[Phrase grounding data]

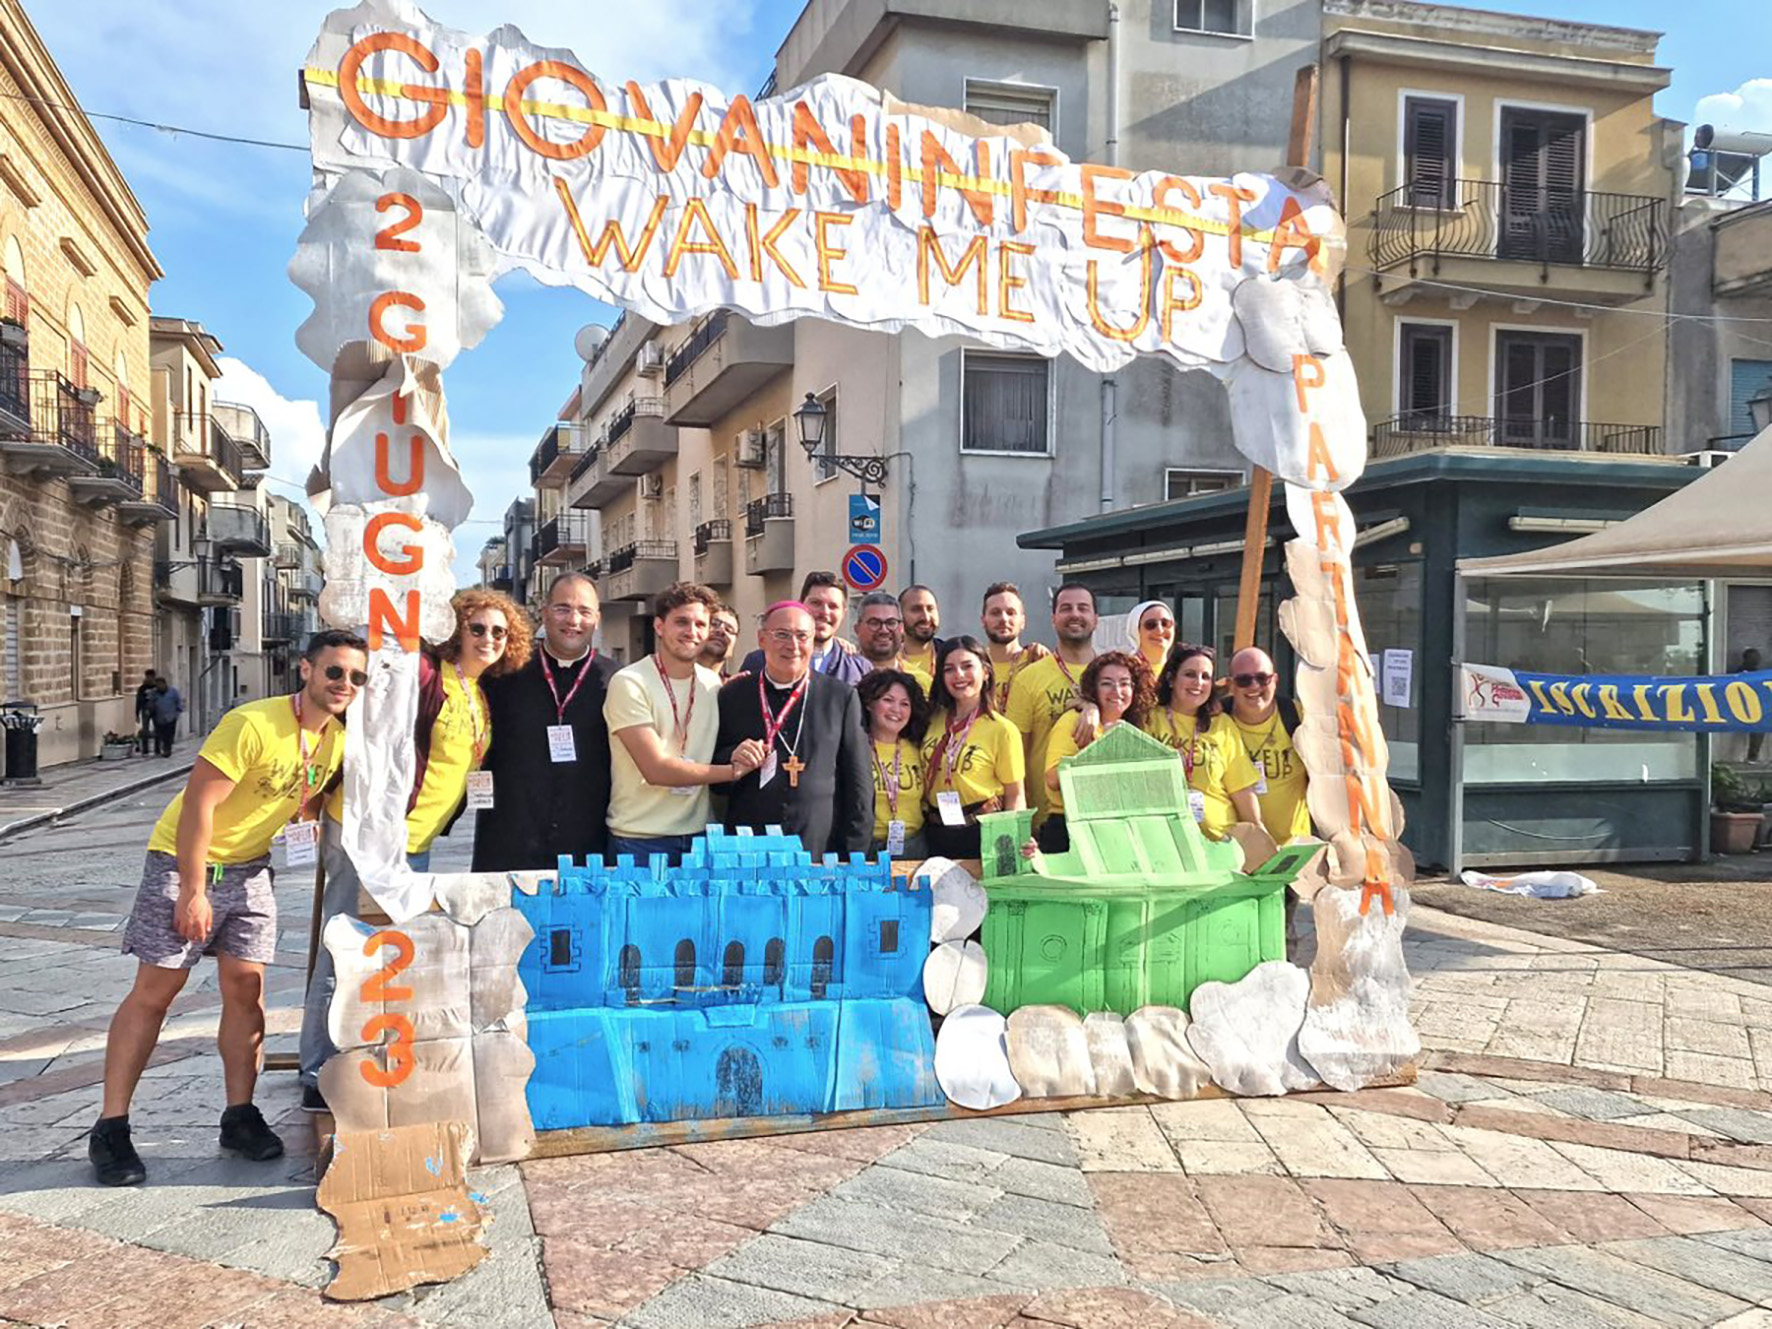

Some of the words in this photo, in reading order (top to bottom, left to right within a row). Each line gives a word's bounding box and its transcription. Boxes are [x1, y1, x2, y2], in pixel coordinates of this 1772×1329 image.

[374, 192, 423, 252] 2
[553, 174, 858, 296] WAKE
[916, 225, 1036, 324] ME
[1085, 221, 1203, 344] UP

**What the task requires:**
Reproduce the records above exactly, leaving out every picture they contain.

**Exercise output:**
Some of the words in this photo, in reading order (top to bottom, left to right within a row). Each line gives a word's bounding box and its transcription. Boxes are [x1, y1, x2, y2], in pixel coordinates of this 1772×1329 image.

[374, 192, 423, 252] 2
[553, 174, 858, 296] WAKE
[916, 225, 1036, 324] ME
[1085, 221, 1203, 344] UP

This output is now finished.